If you feel you can give both horses, now, a permanent home try and negotiate their return.  

If you can't - learn your lesson, and don't 'rescue' yourself those which you can't keep.


----------



## Spyda (2 April 2012)

Ceris Comet said:



			Just read that thread too. Poor horse being passed from pillar to post.
		
Click to expand...

Why do you come out with that statement in response to this post?  It's hardly a fair comment Ceris Comet. I haven't gotten the impression the OP was/is passing either of her older horses from pillar-to-post. She very naively had thought she'd found them a quiet retirement home for the remainder of their lives together. OP may have been very naive but your reply to her post is unhelpful and pointless.

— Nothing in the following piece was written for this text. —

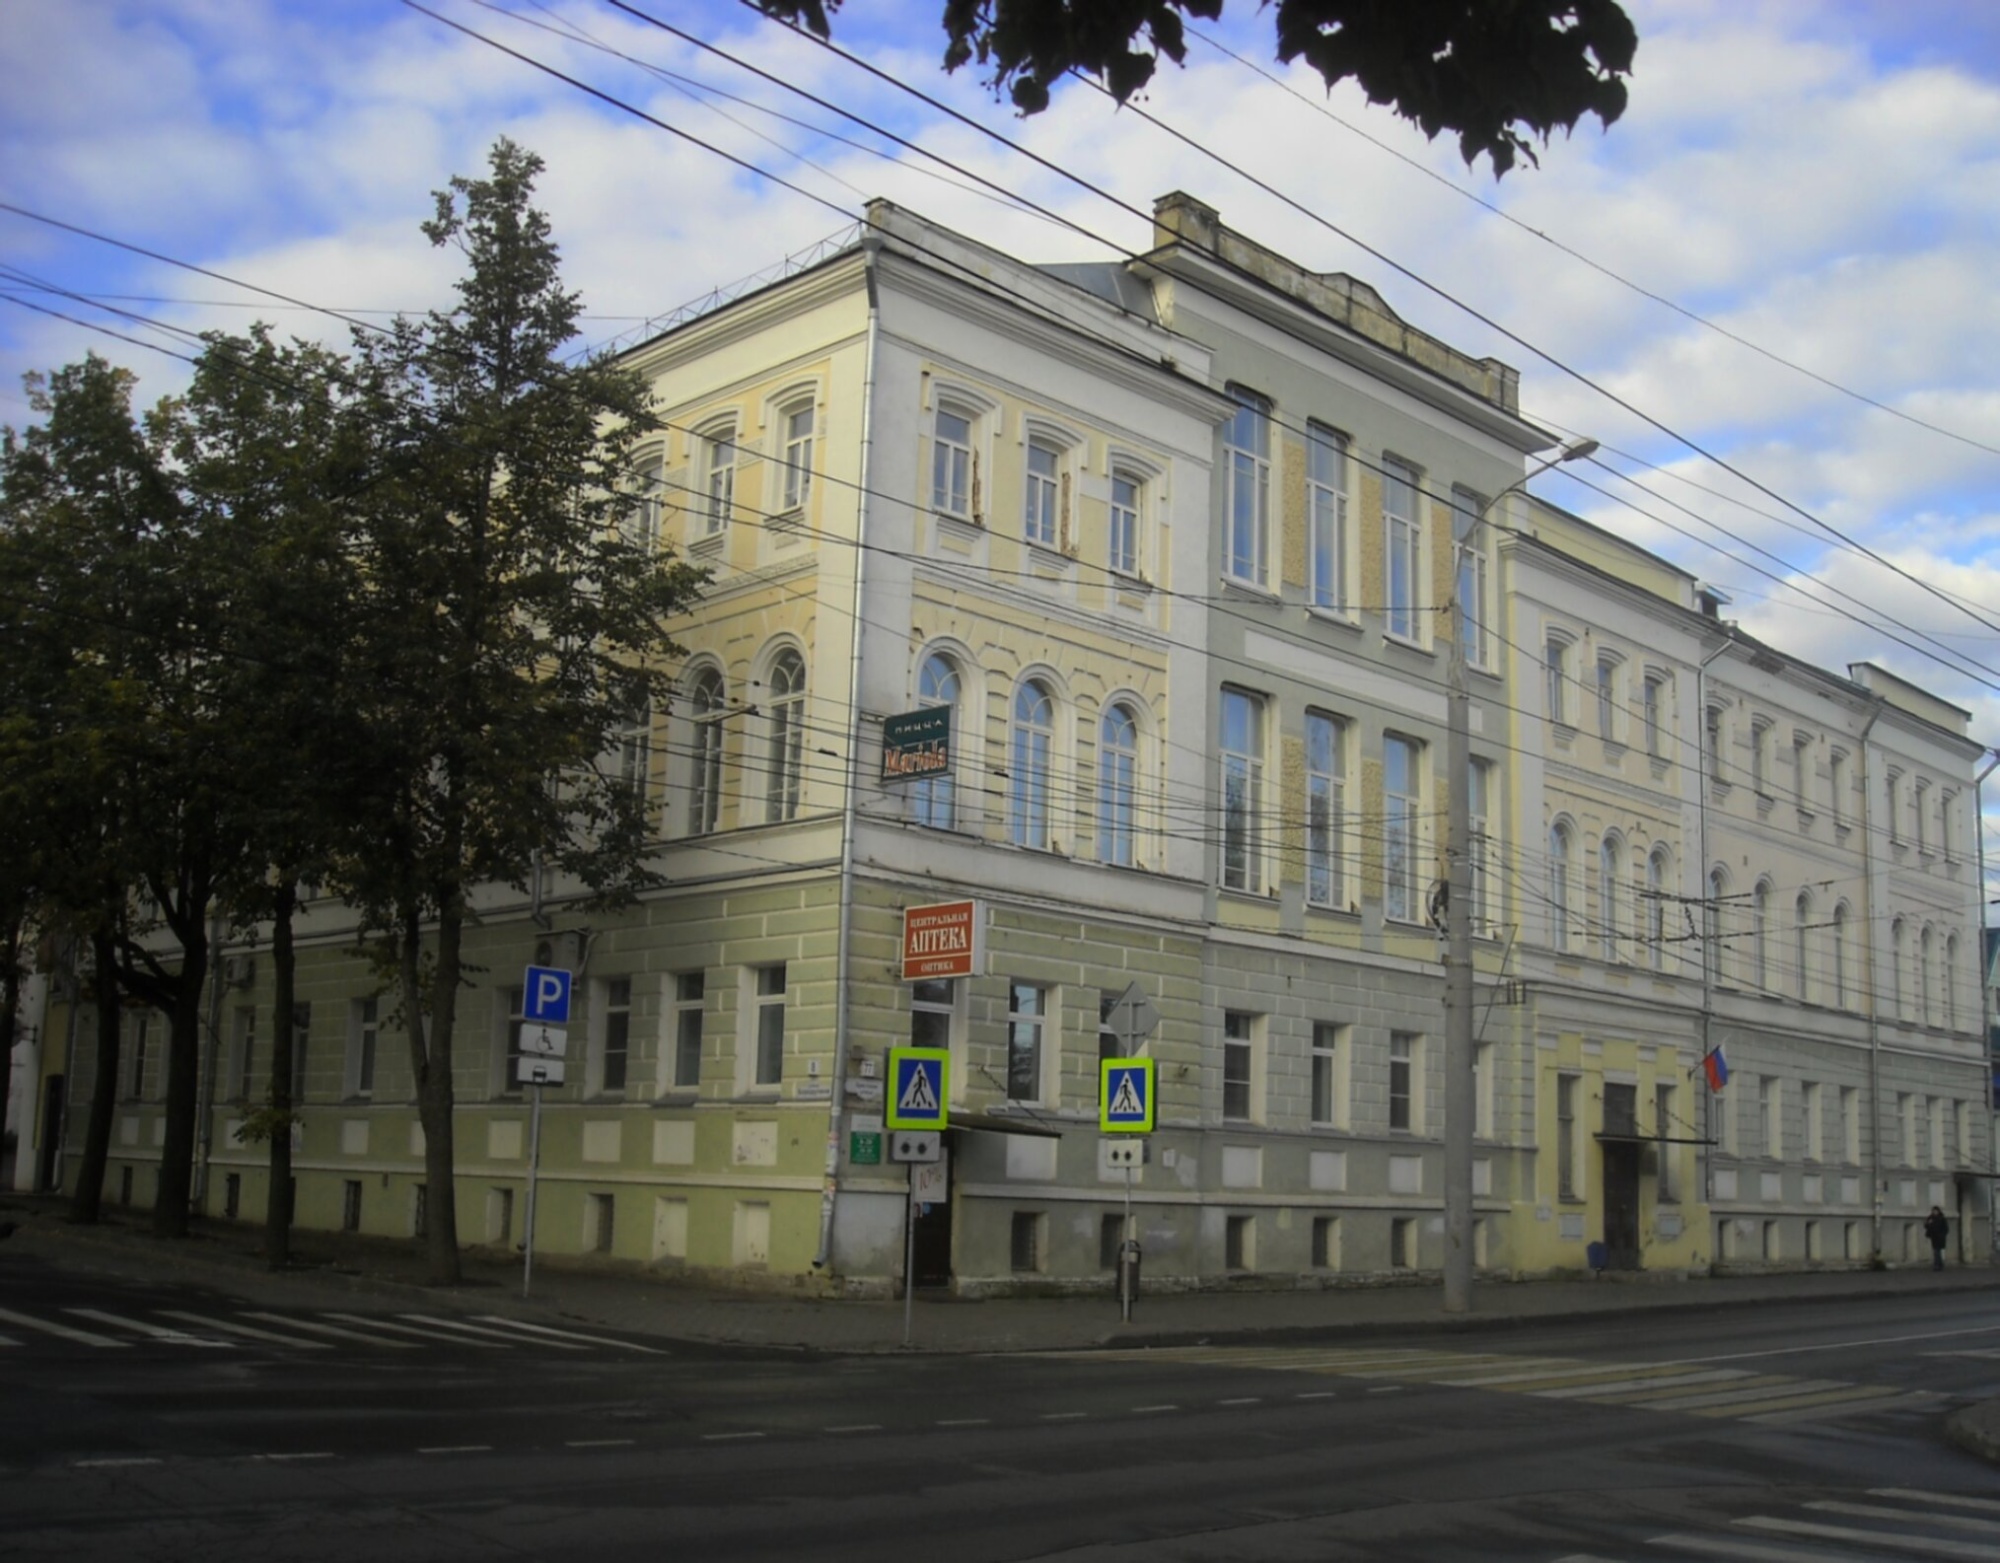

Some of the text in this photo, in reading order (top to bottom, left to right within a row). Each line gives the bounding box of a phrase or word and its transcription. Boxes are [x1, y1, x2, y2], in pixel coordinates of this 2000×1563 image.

Sorry, but it gets my goat when someone posts something TOTALLY pointless and irrelevant!


----------



## JFTDWS (2 April 2012)

Putting a horse to sleep isn't the end of the world, you know.  If he doesn't have a home with you, and you can't find a suitable home, which in this climate is a long shot, I would think it is the best option - sadly an option you may no longer have any control over since you handed him over to this "rescue centre".  If he bolts on the road and you couldn't hack him safely, I am surprised you thought you would be able to find him a home as a gentle hack.  Better put down than over-jumped by heavy novices, surely?  

Ultimately he is being passed from pillar to post, whether your motivations for that are well intentioned or not.  The trouble with "saving" horses from being put down is that, often, they are being put down for good reasons


----------



## pixiebee (2 April 2012)

Spyda said:



			Why do you come out with that statement in response to this post?  It's hardly a fair comment Ceris Comet. I haven't gotten the impression the OP was/is passing either of her older horses from pillar-to-post. She very naively had thought she'd found them a quiet retirement home for the remainder of their lives together. OP may have been very naive but your reply to her post is unhelpful and pointless. Sorry, but it gets my goat when someone posts something TOTALLY pointless and irrelevant!
		
Click to expand...

I take it you have not read her other thread regarding the coloured then? her comment was very relevent.


----------



## sgcoolchick (2 April 2012)

amymay said:



			sgcoolchick.  You should have taken responsibility for the coloured horse a long time ago.  There are worse things than being put down - as you've now discovered.  15 owners tells you a story in it's own right.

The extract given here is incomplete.